**Task brief**
Apart from the pictures, every part of the records below gets retyped exactly.

Image-backed grounding data:
##############################

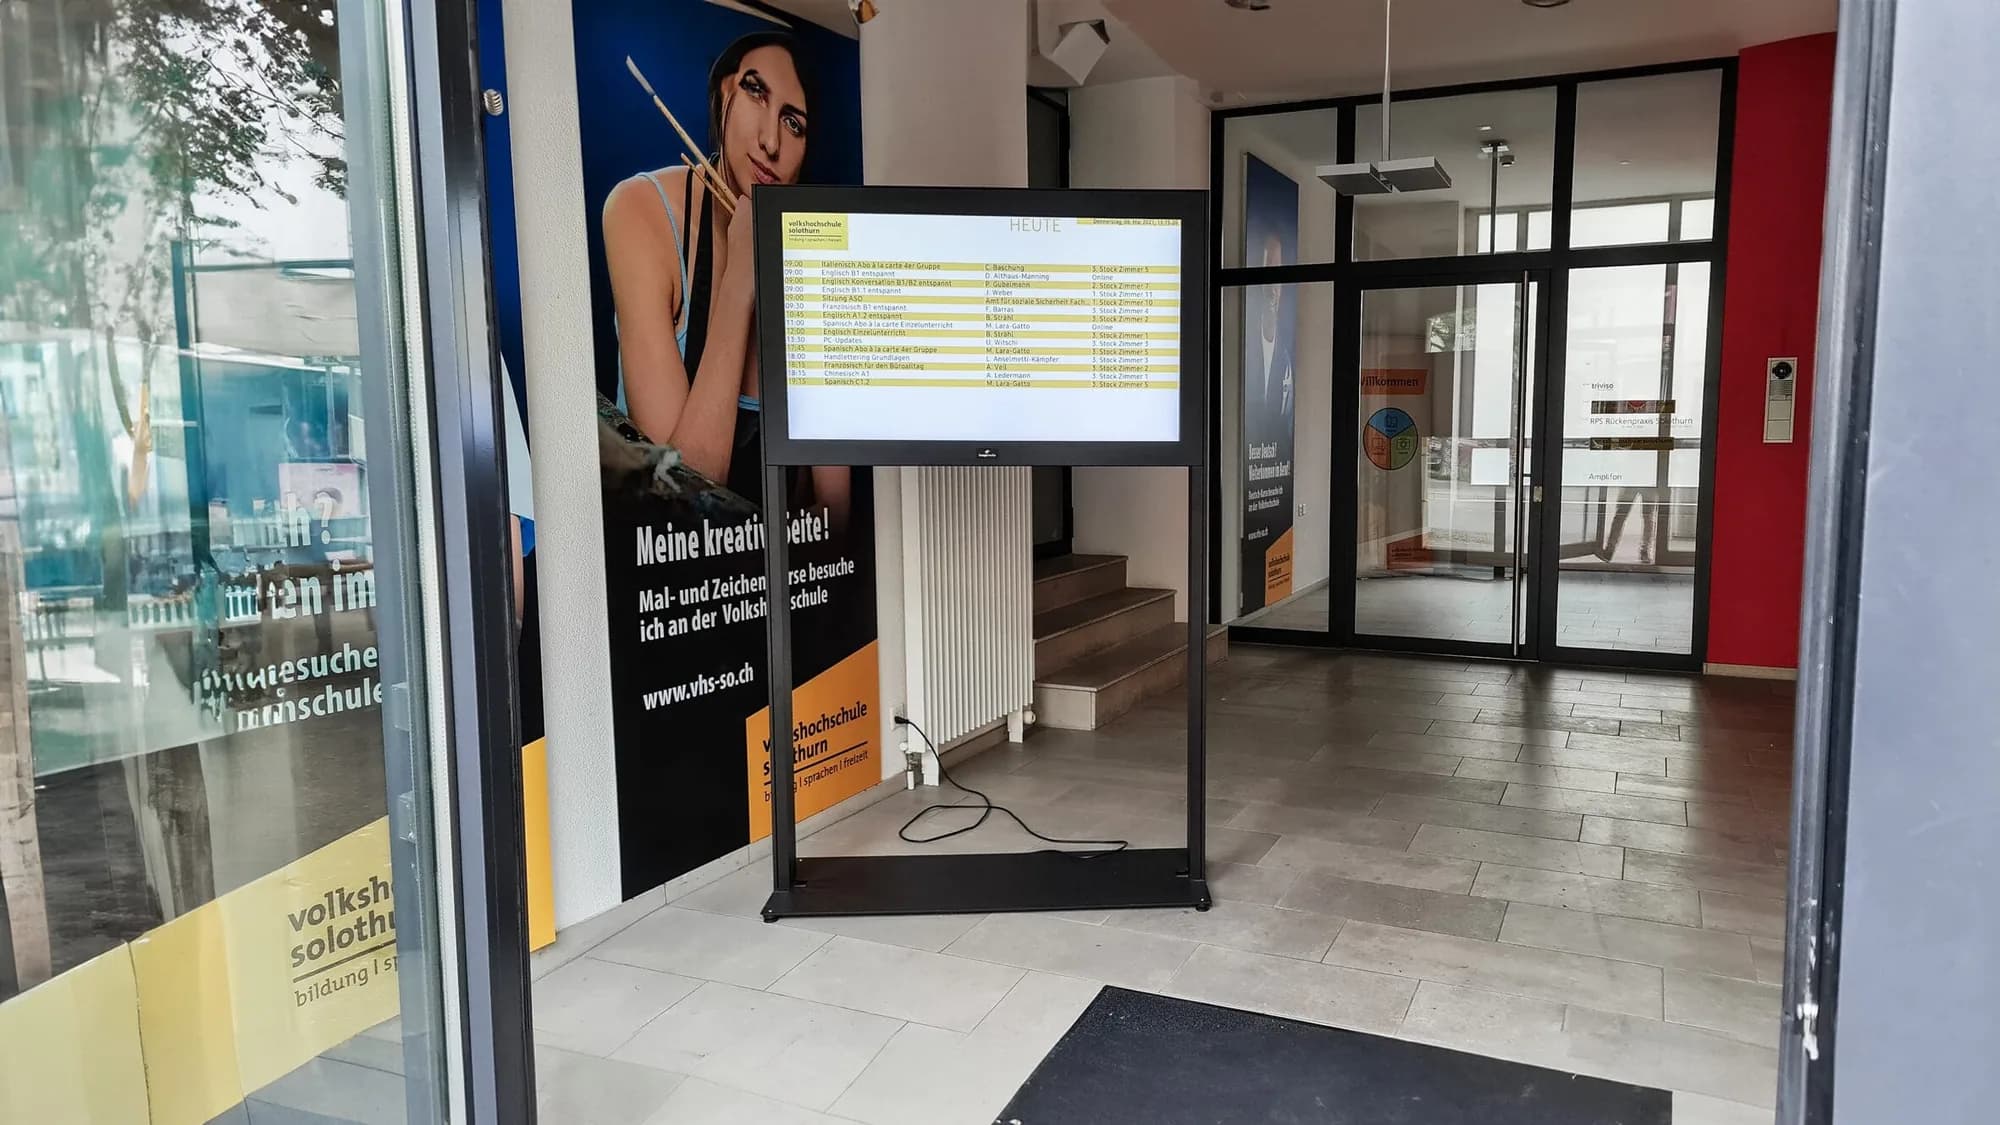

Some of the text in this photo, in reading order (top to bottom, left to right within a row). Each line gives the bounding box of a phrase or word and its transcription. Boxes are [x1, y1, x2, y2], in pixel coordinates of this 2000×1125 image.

[1010, 218, 1062, 232] HEUTE
[916, 262, 940, 271] Gruppe
[992, 264, 1024, 273] Baschung
[822, 269, 849, 278] Englisch
[862, 270, 895, 279] entspannt
[993, 273, 1050, 281] Althaus-Manning
[822, 278, 849, 286] Englisch
[919, 279, 952, 288] entspannt
[822, 286, 850, 295] Englisch
[868, 287, 901, 295] entspannt
[822, 294, 847, 303] Sitzung
[873, 304, 906, 312] entspannt
[822, 311, 850, 320] Englisch
[868, 312, 902, 320] entspannt
[823, 320, 852, 328] Spanisch
[823, 328, 851, 337] Englisch
[823, 345, 853, 353] Spanisch
[914, 346, 937, 354] Gruppe
[824, 353, 910, 362] Handlettering Grundlagen
[824, 378, 854, 387] Spanisch
[1592, 382, 1614, 390] triviso
[1606, 417, 1654, 426] Rückenpraxis
[636, 522, 699, 566] Meine
[639, 586, 676, 613] Mal-
[679, 580, 709, 606] und
[809, 557, 854, 581] besuche
[640, 617, 664, 642] ich
[668, 616, 688, 636] an
[692, 609, 717, 631] der
[643, 662, 754, 711] www.vhs-so.ch
[804, 750, 868, 788] sprachen freizeit
[294, 967, 368, 1008] bildung

##############################

**Output**
Some of the text in this photo, in reading order (top to bottom, left to right within a row). Each line gives the bounding box of a phrase or word and its transcription. Boxes are [x1, y1, x2, y2], in pixel coordinates of this 2000×1125 image.

[1010, 218, 1062, 232] HEUTE
[916, 262, 940, 271] Gruppe
[992, 264, 1024, 273] Baschung
[822, 269, 849, 278] Englisch
[862, 270, 895, 279] entspannt
[993, 273, 1050, 281] Althaus-Manning
[822, 278, 849, 286] Englisch
[919, 279, 952, 288] entspannt
[822, 286, 850, 295] Englisch
[868, 287, 901, 295] entspannt
[822, 294, 847, 303] Sitzung
[873, 304, 906, 312] entspannt
[822, 311, 850, 320] Englisch
[868, 312, 902, 320] entspannt
[823, 320, 852, 328] Spanisch
[823, 328, 851, 337] Englisch
[823, 345, 853, 353] Spanisch
[914, 346, 937, 354] Gruppe
[824, 353, 910, 362] Handlettering Grundlagen
[824, 378, 854, 387] Spanisch
[1592, 382, 1614, 390] triviso
[1606, 417, 1654, 426] Rückenpraxis
[636, 522, 699, 566] Meine
[639, 586, 676, 613] Mal-
[679, 580, 709, 606] und
[809, 557, 854, 581] besuche
[640, 617, 664, 642] ich
[668, 616, 688, 636] an
[692, 609, 717, 631] der
[643, 662, 754, 711] www.vhs-so.ch
[804, 750, 868, 788] sprachen freizeit
[294, 967, 368, 1008] bildung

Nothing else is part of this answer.